Privacy policy

Privacy policy and statement

This is SSEP Finland Ltd’s privacy policy and statement in accordance with Finland’s Personal Data Act (Sections 10 and 24) and the European Union’s General Data Protection Regulation (GDPR).

Published on 1 March 2018. Last revised on 1 March 2018.

1. Controller

SSEP Finland Ltd, Rovakatu 17, 3rd floor, FI-96100 Rovaniemi

2. Controller contact details

Juha Alhainen, juha.alhainen(@)ssep.fi, +358 50 5540 865

3. Name of register

Contact information register

The register contains: the company’s customer register, marketing register, stakeholder register, online service user register.

4. Legal basis and purpose of handling personal data

The handling of personal data is based on the provisions of Section 8 of the Personal Data Act. The purpose of handling personal data is for keeping in contact with the customer, maintaining customer relations, and marketing.

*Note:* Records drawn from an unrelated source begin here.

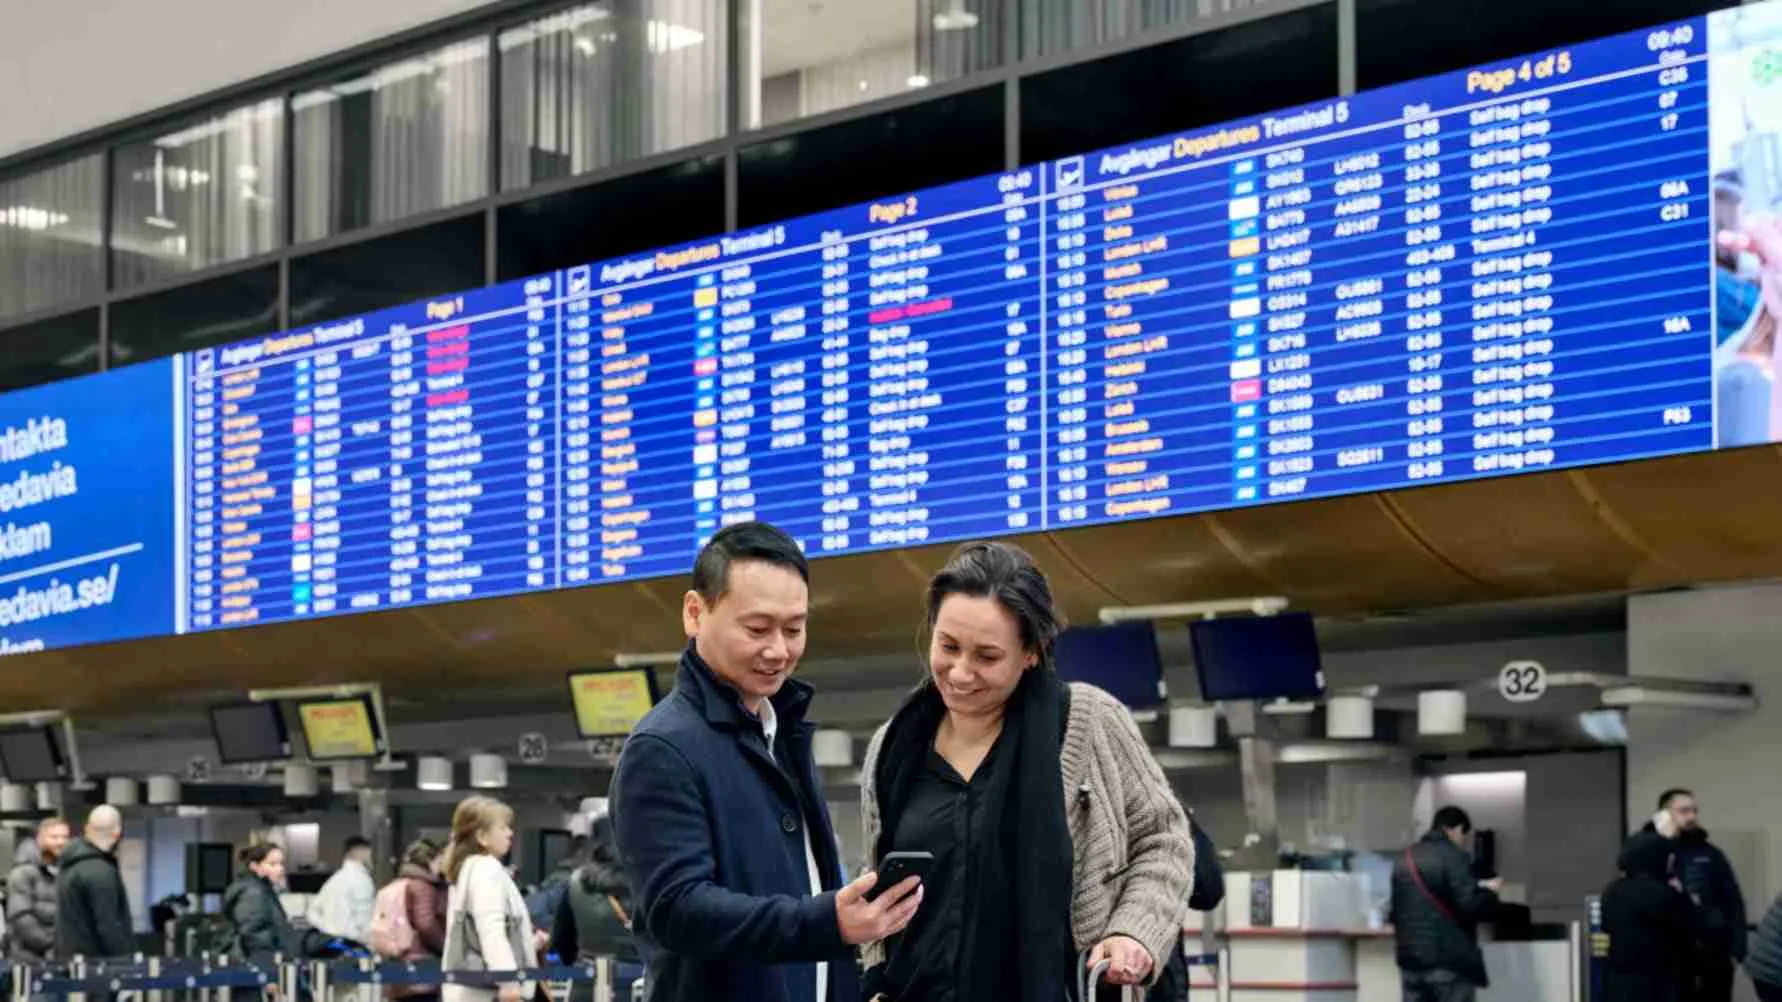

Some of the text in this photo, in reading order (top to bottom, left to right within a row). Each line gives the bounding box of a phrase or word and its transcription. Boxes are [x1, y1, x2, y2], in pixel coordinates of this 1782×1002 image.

[1467, 52, 1570, 92] Page 4 of 5
[1173, 125, 1259, 157] Departures
[1262, 106, 1333, 137] Terminal
[1335, 101, 1348, 122] 5
[906, 196, 916, 214] 2
[1506, 667, 1539, 694] 32
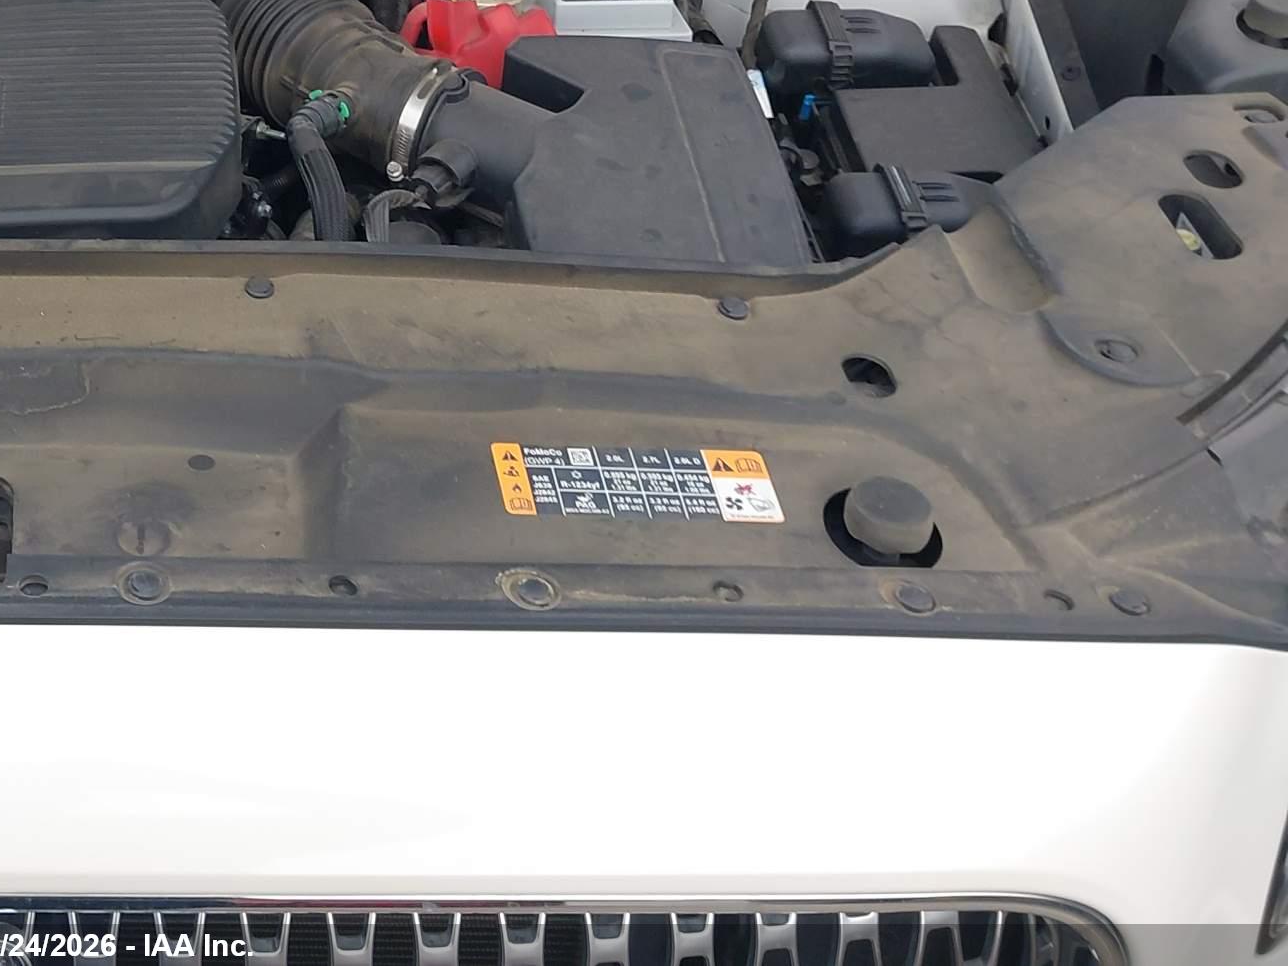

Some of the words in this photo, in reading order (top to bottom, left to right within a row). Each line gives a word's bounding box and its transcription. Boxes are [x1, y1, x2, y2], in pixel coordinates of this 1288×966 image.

[523, 447, 562, 456] FoMoCo
[642, 456, 661, 464] 2.7L
[560, 480, 600, 490] R-1234yf
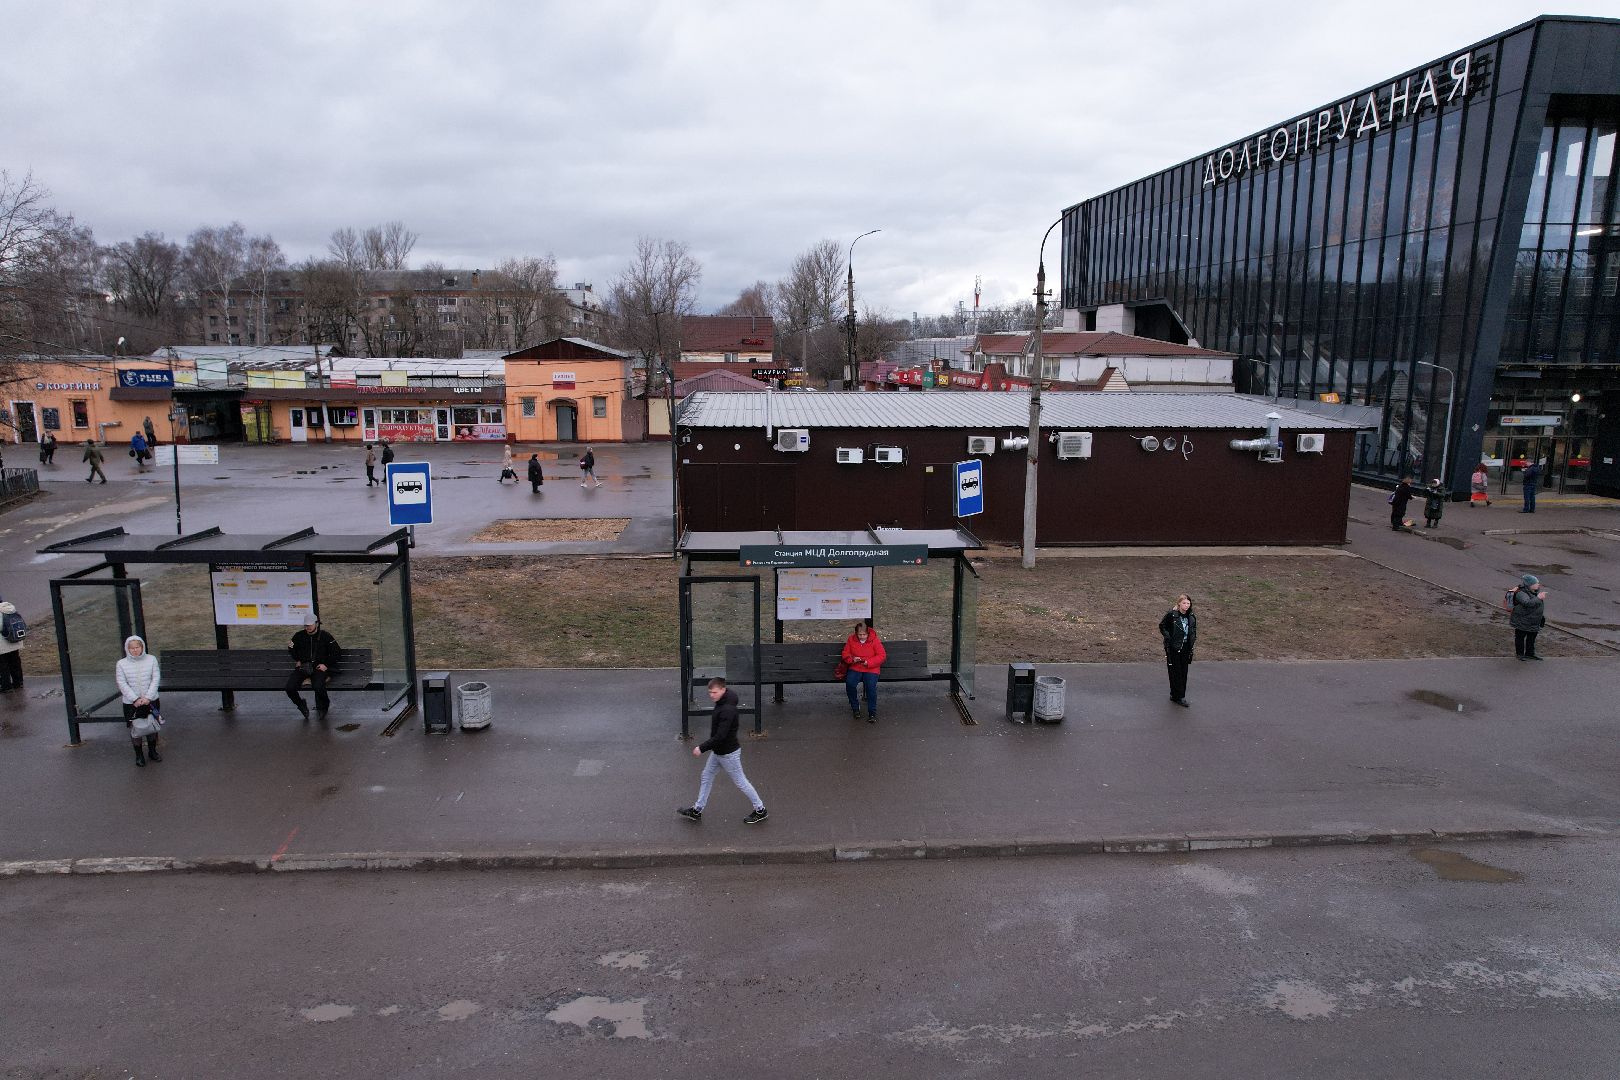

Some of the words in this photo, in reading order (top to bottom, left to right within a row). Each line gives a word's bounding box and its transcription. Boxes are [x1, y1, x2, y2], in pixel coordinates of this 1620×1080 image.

[1203, 52, 1472, 188] ДОЛГОПРУДНАЯ
[139, 374, 169, 382] РЫБА
[46, 381, 100, 391] КОФЕЙНЯ
[774, 549, 803, 559] Станция
[804, 548, 826, 559] МЦД
[827, 548, 889, 559] Долгопрудная

5. Information held in the register

Data saved in the register are: name of individual, position, company/organisation, contact details (telephone number, email address, postal address), website addresses, information about services ordered and the alterations in such, billing information, and other information related to the customer relationship and services ordered.

6. Statutory sources of information

The information saved in the register is obtained from the customer via e.g. information entered on our online form, emails, telephone, social media services, contracts, customer meetings, and other events where the customer provides its information.

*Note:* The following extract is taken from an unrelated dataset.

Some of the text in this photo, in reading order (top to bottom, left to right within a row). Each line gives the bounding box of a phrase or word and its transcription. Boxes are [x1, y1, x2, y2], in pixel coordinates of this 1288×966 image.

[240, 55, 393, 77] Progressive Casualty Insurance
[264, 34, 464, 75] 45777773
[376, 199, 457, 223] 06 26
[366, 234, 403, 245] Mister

7. Statutory disclosure of information and transfer of information outside the EU or European Economic Area

No information is passed on to any third party. Information that is to be published is first agreed with the customer.

8. Protection principles for the register

Good care and attention are adhered to in the processing of information and all information used in IT systems is adequately protected. When register data is stored on an online server, the physical and digital data security of these devices is handled in the appropriate manner. The controller is responsible for ensuring that the information held and server user rights, and other critical data in respect to the security of personal data, are handled confidentially and only by those employees authorised to do so by their job description.

9. The right to inspect and amend information

Every individual held in the register is entitled to check the information held on them and demand the rectification of possible erroneous data or supplementation of deficient information. If this individual wants to inspect or amend the personal data held on him/her, a written request must be sent to the controller. If necessary, the controller may ask the person requesting their data to prove their identity. The controller shall answer the customer’s request within the time limits set by the EU’s GDPR (mainly within a month).

10. Miscellaneous rights related to the processing of personal data

The data subject is entitled to request for his/her information to be removed from the register (right to be forgotten). Thereby, the data subject has all other rights in accordance with the European Union’s General Data Protection Regulation. Requests shall be sent in writing to the controller. If necessary, the controller may ask the person requesting their data to prove their identity. The controller shall answer the customer’s request within the time limits set by the EU’s GDPR (mainly within a month).